Exercise description:
All of the entries need to be set down exactly as they read.

Information shown:

╭──

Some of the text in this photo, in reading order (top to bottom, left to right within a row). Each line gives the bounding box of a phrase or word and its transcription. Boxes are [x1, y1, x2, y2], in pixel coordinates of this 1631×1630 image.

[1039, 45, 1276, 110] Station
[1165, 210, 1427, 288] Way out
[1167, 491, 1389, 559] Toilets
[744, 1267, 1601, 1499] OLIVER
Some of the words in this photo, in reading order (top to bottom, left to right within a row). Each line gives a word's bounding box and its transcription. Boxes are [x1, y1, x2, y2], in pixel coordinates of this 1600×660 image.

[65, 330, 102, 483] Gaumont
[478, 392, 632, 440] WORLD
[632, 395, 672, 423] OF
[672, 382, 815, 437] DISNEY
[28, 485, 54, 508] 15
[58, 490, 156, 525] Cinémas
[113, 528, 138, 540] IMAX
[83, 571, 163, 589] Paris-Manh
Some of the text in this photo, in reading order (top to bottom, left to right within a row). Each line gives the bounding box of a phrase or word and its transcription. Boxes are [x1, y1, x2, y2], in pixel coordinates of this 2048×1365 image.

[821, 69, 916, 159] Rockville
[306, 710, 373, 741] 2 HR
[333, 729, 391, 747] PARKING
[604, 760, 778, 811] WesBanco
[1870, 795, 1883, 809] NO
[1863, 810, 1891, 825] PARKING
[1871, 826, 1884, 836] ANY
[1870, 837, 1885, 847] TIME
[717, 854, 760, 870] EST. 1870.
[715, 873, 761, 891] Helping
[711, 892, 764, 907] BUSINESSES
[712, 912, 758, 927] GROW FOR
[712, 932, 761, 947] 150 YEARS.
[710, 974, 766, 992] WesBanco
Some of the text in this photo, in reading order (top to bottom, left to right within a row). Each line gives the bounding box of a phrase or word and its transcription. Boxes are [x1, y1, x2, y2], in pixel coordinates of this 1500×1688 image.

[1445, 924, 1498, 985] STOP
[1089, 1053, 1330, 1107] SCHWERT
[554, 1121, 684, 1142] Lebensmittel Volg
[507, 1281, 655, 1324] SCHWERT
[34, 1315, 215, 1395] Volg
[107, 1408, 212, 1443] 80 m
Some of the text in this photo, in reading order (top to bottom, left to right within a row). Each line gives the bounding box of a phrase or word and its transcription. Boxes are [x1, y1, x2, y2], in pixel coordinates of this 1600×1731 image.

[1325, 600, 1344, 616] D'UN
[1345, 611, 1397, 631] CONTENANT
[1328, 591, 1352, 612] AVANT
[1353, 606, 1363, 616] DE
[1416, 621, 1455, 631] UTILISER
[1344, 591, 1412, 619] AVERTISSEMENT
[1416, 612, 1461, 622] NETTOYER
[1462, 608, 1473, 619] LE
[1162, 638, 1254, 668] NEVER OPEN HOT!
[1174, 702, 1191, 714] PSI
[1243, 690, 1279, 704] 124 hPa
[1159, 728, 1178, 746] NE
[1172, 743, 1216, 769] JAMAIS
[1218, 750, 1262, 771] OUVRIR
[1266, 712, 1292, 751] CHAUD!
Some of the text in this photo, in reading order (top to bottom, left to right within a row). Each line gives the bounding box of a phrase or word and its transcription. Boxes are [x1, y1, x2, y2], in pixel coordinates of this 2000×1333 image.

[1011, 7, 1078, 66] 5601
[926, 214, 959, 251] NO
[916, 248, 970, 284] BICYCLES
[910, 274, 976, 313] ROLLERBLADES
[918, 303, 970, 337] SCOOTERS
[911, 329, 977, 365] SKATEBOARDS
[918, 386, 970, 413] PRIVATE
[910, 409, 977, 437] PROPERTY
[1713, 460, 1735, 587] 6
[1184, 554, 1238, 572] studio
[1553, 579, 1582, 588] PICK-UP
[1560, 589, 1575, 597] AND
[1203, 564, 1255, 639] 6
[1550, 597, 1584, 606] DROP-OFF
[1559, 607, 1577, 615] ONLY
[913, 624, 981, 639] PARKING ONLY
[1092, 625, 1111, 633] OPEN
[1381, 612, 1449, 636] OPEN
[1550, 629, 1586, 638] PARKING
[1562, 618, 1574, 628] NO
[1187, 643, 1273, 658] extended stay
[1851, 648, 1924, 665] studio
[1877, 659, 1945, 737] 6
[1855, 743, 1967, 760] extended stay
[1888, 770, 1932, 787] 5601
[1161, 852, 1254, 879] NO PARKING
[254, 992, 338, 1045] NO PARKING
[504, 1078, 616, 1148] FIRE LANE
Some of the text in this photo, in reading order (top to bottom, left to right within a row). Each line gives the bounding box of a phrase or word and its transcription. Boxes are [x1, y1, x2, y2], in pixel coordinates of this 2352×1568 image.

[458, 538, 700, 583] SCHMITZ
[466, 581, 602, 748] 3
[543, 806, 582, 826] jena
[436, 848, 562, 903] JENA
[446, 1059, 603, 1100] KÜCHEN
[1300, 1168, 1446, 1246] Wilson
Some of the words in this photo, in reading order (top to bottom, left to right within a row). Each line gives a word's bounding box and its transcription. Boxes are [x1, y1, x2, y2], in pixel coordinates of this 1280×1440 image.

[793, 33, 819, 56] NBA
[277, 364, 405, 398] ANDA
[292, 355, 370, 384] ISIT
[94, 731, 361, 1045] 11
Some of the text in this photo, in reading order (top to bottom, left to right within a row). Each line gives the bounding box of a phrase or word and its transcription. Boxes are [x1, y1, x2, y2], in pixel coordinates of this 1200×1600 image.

╰──

Task solution:
Some of the text in this photo, in reading order (top to bottom, left to right within a row). Each line gives the bounding box of a phrase or word and its transcription. Boxes are [x1, y1, x2, y2], in pixel coordinates of this 1631×1630 image.

[1039, 45, 1276, 110] Station
[1165, 210, 1427, 288] Way out
[1167, 491, 1389, 559] Toilets
[744, 1267, 1601, 1499] OLIVER
Some of the words in this photo, in reading order (top to bottom, left to right within a row). Each line gives a word's bounding box and its transcription. Boxes are [x1, y1, x2, y2], in pixel coordinates of this 1600×660 image.

[65, 330, 102, 483] Gaumont
[478, 392, 632, 440] WORLD
[632, 395, 672, 423] OF
[672, 382, 815, 437] DISNEY
[28, 485, 54, 508] 15
[58, 490, 156, 525] Cinémas
[113, 528, 138, 540] IMAX
[83, 571, 163, 589] Paris-Manh
Some of the text in this photo, in reading order (top to bottom, left to right within a row). Each line gives the bounding box of a phrase or word and its transcription. Boxes are [x1, y1, x2, y2], in pixel coordinates of this 2048×1365 image.

[821, 69, 916, 159] Rockville
[306, 710, 373, 741] 2 HR
[333, 729, 391, 747] PARKING
[604, 760, 778, 811] WesBanco
[1870, 795, 1883, 809] NO
[1863, 810, 1891, 825] PARKING
[1871, 826, 1884, 836] ANY
[1870, 837, 1885, 847] TIME
[717, 854, 760, 870] EST. 1870.
[715, 873, 761, 891] Helping
[711, 892, 764, 907] BUSINESSES
[712, 912, 758, 927] GROW FOR
[712, 932, 761, 947] 150 YEARS.
[710, 974, 766, 992] WesBanco
Some of the text in this photo, in reading order (top to bottom, left to right within a row). Each line gives the bounding box of a phrase or word and its transcription. Boxes are [x1, y1, x2, y2], in pixel coordinates of this 1500×1688 image.

[1445, 924, 1498, 985] STOP
[1089, 1053, 1330, 1107] SCHWERT
[554, 1121, 684, 1142] Lebensmittel Volg
[507, 1281, 655, 1324] SCHWERT
[34, 1315, 215, 1395] Volg
[107, 1408, 212, 1443] 80 m
Some of the text in this photo, in reading order (top to bottom, left to right within a row). Each line gives the bounding box of a phrase or word and its transcription. Boxes are [x1, y1, x2, y2], in pixel coordinates of this 1600×1731 image.

[1325, 600, 1344, 616] D'UN
[1345, 611, 1397, 631] CONTENANT
[1328, 591, 1352, 612] AVANT
[1353, 606, 1363, 616] DE
[1416, 621, 1455, 631] UTILISER
[1344, 591, 1412, 619] AVERTISSEMENT
[1416, 612, 1461, 622] NETTOYER
[1462, 608, 1473, 619] LE
[1162, 638, 1254, 668] NEVER OPEN HOT!
[1174, 702, 1191, 714] PSI
[1243, 690, 1279, 704] 124 hPa
[1159, 728, 1178, 746] NE
[1172, 743, 1216, 769] JAMAIS
[1218, 750, 1262, 771] OUVRIR
[1266, 712, 1292, 751] CHAUD!
Some of the text in this photo, in reading order (top to bottom, left to right within a row). Each line gives the bounding box of a phrase or word and its transcription. Boxes are [x1, y1, x2, y2], in pixel coordinates of this 2000×1333 image.

[1011, 7, 1078, 66] 5601
[926, 214, 959, 251] NO
[916, 248, 970, 284] BICYCLES
[910, 274, 976, 313] ROLLERBLADES
[918, 303, 970, 337] SCOOTERS
[911, 329, 977, 365] SKATEBOARDS
[918, 386, 970, 413] PRIVATE
[910, 409, 977, 437] PROPERTY
[1713, 460, 1735, 587] 6
[1184, 554, 1238, 572] studio
[1553, 579, 1582, 588] PICK-UP
[1560, 589, 1575, 597] AND
[1203, 564, 1255, 639] 6
[1550, 597, 1584, 606] DROP-OFF
[1559, 607, 1577, 615] ONLY
[913, 624, 981, 639] PARKING ONLY
[1092, 625, 1111, 633] OPEN
[1381, 612, 1449, 636] OPEN
[1550, 629, 1586, 638] PARKING
[1562, 618, 1574, 628] NO
[1187, 643, 1273, 658] extended stay
[1851, 648, 1924, 665] studio
[1877, 659, 1945, 737] 6
[1855, 743, 1967, 760] extended stay
[1888, 770, 1932, 787] 5601
[1161, 852, 1254, 879] NO PARKING
[254, 992, 338, 1045] NO PARKING
[504, 1078, 616, 1148] FIRE LANE
Some of the text in this photo, in reading order (top to bottom, left to right within a row). Each line gives the bounding box of a phrase or word and its transcription. Boxes are [x1, y1, x2, y2], in pixel coordinates of this 2352×1568 image.

[458, 538, 700, 583] SCHMITZ
[466, 581, 602, 748] 3
[543, 806, 582, 826] jena
[436, 848, 562, 903] JENA
[446, 1059, 603, 1100] KÜCHEN
[1300, 1168, 1446, 1246] Wilson
Some of the words in this photo, in reading order (top to bottom, left to right within a row). Each line gives a word's bounding box and its transcription. Boxes are [x1, y1, x2, y2], in pixel coordinates of this 1280×1440 image.

[793, 33, 819, 56] NBA
[277, 364, 405, 398] ANDA
[292, 355, 370, 384] ISIT
[94, 731, 361, 1045] 11
Some of the text in this photo, in reading order (top to bottom, left to right within a row). Each line gives the bounding box of a phrase or word and its transcription. Boxes are [x1, y1, x2, y2], in pixel coordinates of this 1200×1600 image.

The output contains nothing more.